» What to produce:
When you copy the records that follow, please keep every word exactly as it is and leave out the pictures.

=== Information ===

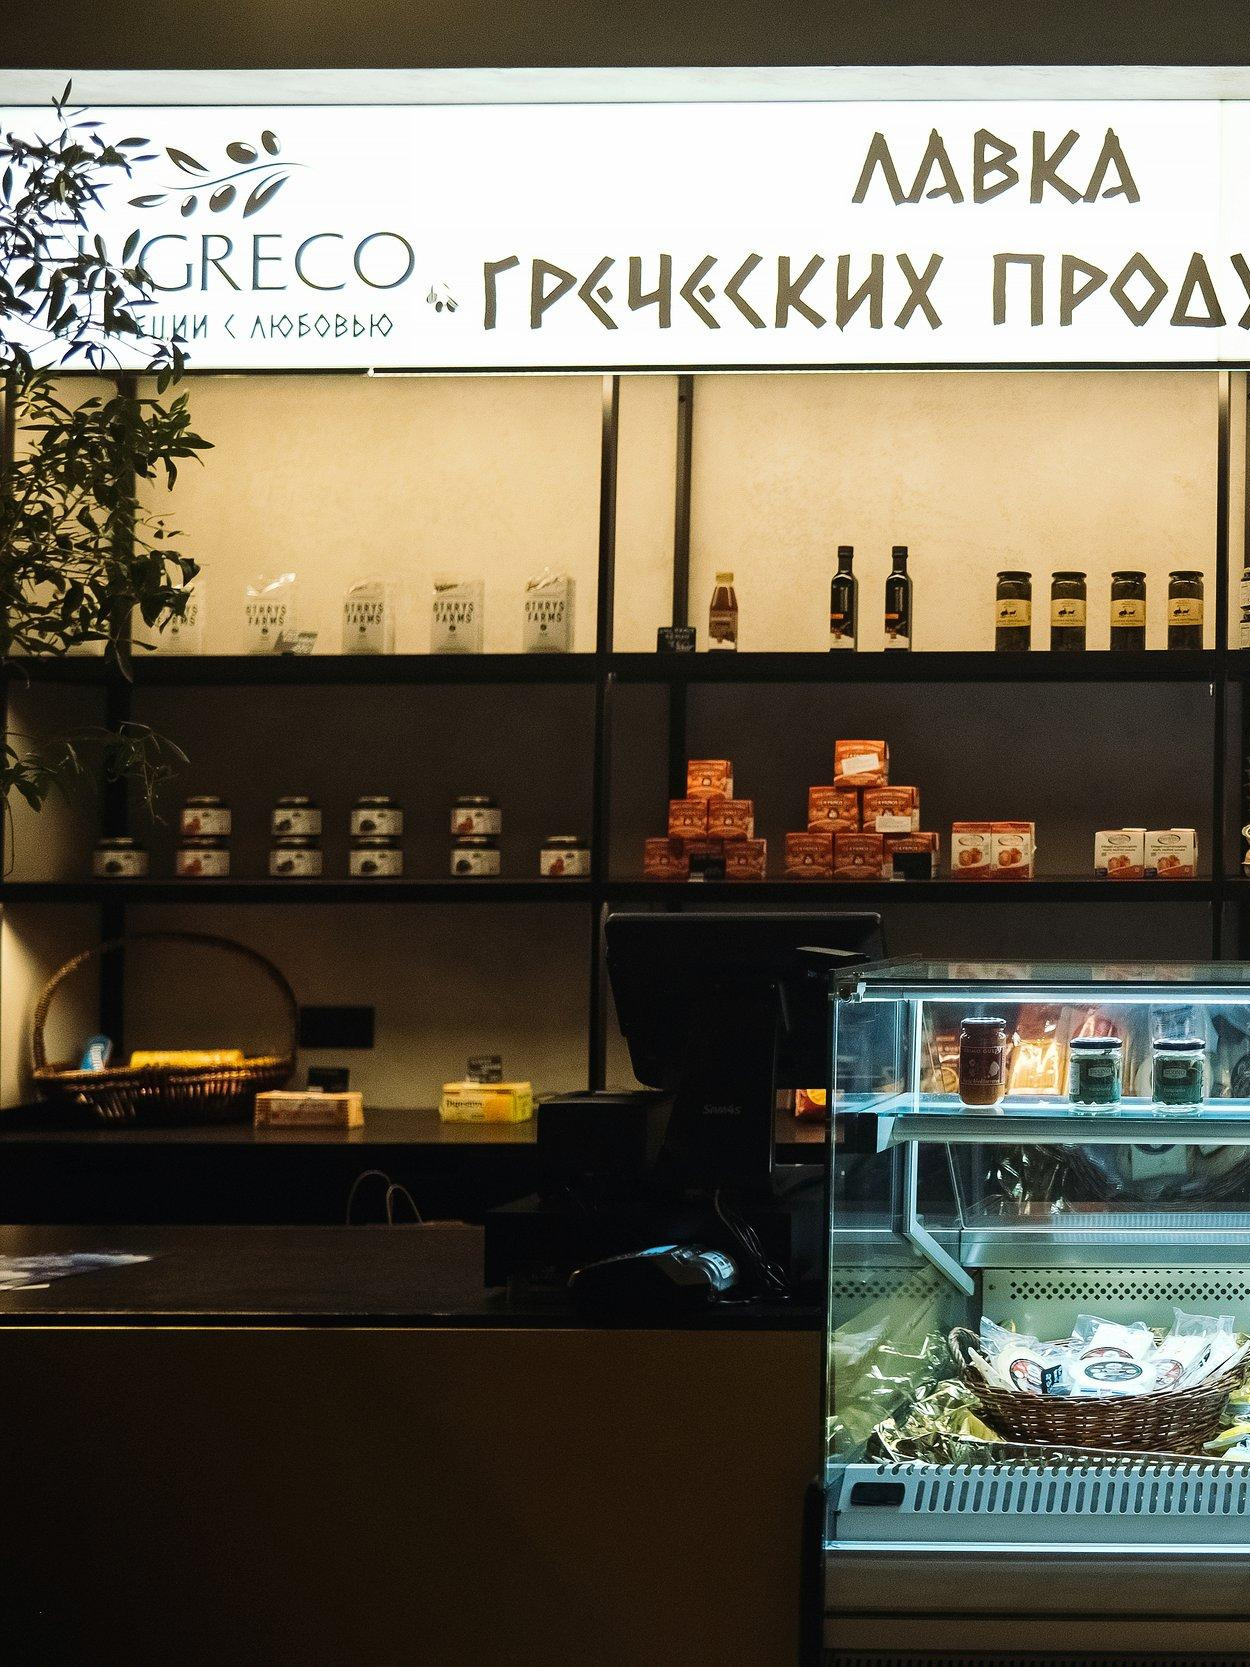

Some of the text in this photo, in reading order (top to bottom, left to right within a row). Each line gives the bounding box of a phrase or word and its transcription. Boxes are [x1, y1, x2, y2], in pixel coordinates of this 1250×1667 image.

[852, 128, 1140, 206] ЛАВКА
[138, 234, 416, 292] GRECO
[484, 253, 944, 332] ГРЕЧЕСКИХ
[224, 313, 236, 339] С
[250, 313, 394, 339] ЛЮБОВЬЮ
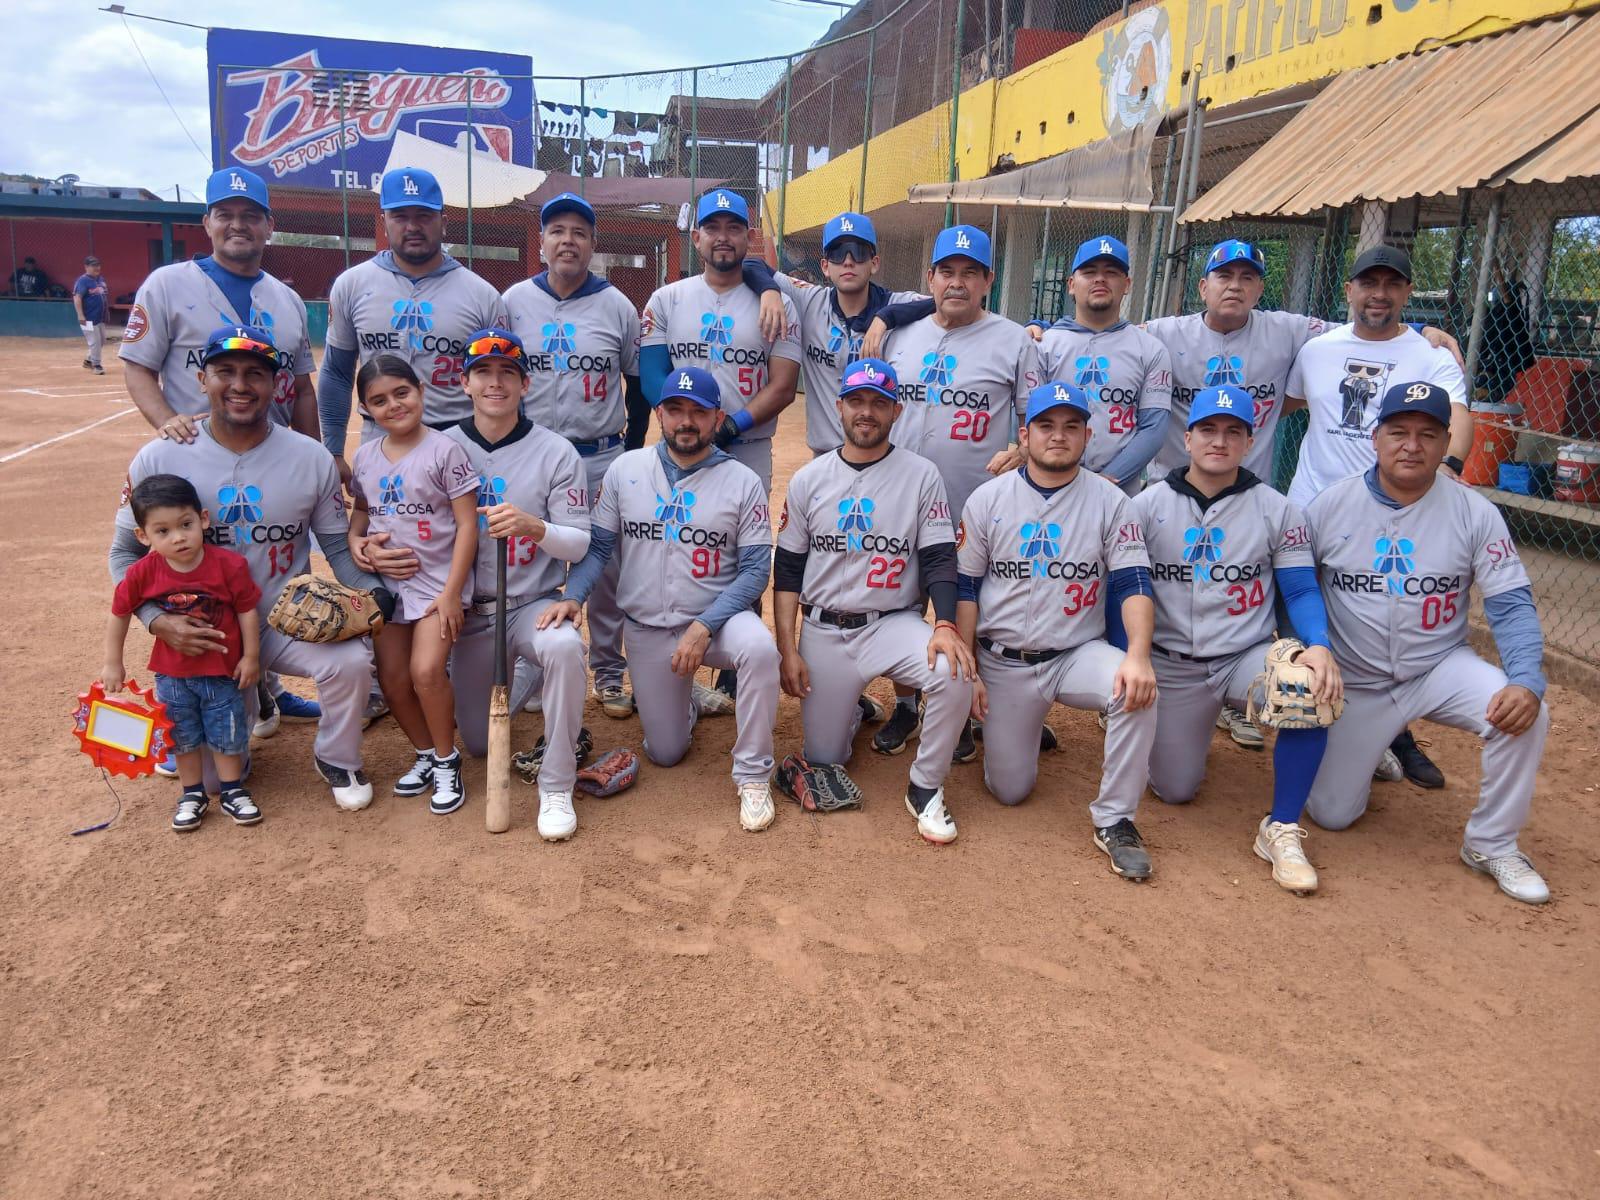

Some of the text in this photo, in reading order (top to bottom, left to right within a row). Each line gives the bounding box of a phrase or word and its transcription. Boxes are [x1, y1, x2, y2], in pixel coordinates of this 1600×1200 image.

[270, 128, 358, 174] DEPORTES
[230, 173, 247, 192] LA
[330, 169, 367, 189] TEL.
[403, 176, 419, 195] LA
[717, 193, 731, 208] LA
[840, 217, 853, 232] LA
[956, 231, 970, 249] LA
[1099, 240, 1112, 254] LA
[524, 354, 612, 373] RRENCOSA
[669, 342, 767, 365] ARRENCOSA
[431, 357, 464, 386] 25
[678, 372, 693, 390] LA
[583, 373, 607, 403] 14
[896, 383, 991, 411] RRENCOSA
[1054, 385, 1070, 401] LA
[1216, 390, 1232, 408] LA
[950, 410, 991, 442] 20
[1109, 405, 1136, 434] 24
[417, 520, 432, 541] 5
[624, 521, 728, 548] ARRENCOSA
[507, 535, 537, 567] 13
[811, 533, 910, 555] ARRENCOSA
[267, 543, 295, 578] 13
[691, 548, 720, 579] 91
[866, 556, 906, 589] 22
[990, 560, 1100, 580] ARRENCOSA
[1331, 572, 1461, 597] ARRENCOSA
[1063, 580, 1100, 616] 34
[1227, 580, 1265, 616] 34
[1421, 592, 1458, 630] 05

===

» Solution to the exercise:
Some of the text in this photo, in reading order (top to bottom, left to right within a row). Each line gives the bounding box of a phrase or word and its transcription. Boxes are [x1, y1, x2, y2], in pixel coordinates of this 1250×1667 image.

[852, 128, 1140, 206] ЛАВКА
[138, 234, 416, 292] GRECO
[484, 253, 944, 332] ГРЕЧЕСКИХ
[224, 313, 236, 339] С
[250, 313, 394, 339] ЛЮБОВЬЮ

Some of the text in this photo, in reading order (top to bottom, left to right within a row). Each line gives the bounding box of a phrase or word and its transcription. Boxes are [x1, y1, x2, y2], in pixel coordinates of this 1600×1200 image.

[270, 128, 358, 174] DEPORTES
[230, 173, 247, 192] LA
[330, 169, 367, 189] TEL.
[403, 176, 419, 195] LA
[717, 193, 731, 208] LA
[840, 217, 853, 232] LA
[956, 231, 970, 249] LA
[1099, 240, 1112, 254] LA
[524, 354, 612, 373] RRENCOSA
[669, 342, 767, 365] ARRENCOSA
[431, 357, 464, 386] 25
[678, 372, 693, 390] LA
[583, 373, 607, 403] 14
[896, 383, 991, 411] RRENCOSA
[1054, 385, 1070, 401] LA
[1216, 390, 1232, 408] LA
[950, 410, 991, 442] 20
[1109, 405, 1136, 434] 24
[417, 520, 432, 541] 5
[624, 521, 728, 548] ARRENCOSA
[507, 535, 537, 567] 13
[811, 533, 910, 555] ARRENCOSA
[267, 543, 295, 578] 13
[691, 548, 720, 579] 91
[866, 556, 906, 589] 22
[990, 560, 1100, 580] ARRENCOSA
[1331, 572, 1461, 597] ARRENCOSA
[1063, 580, 1100, 616] 34
[1227, 580, 1265, 616] 34
[1421, 592, 1458, 630] 05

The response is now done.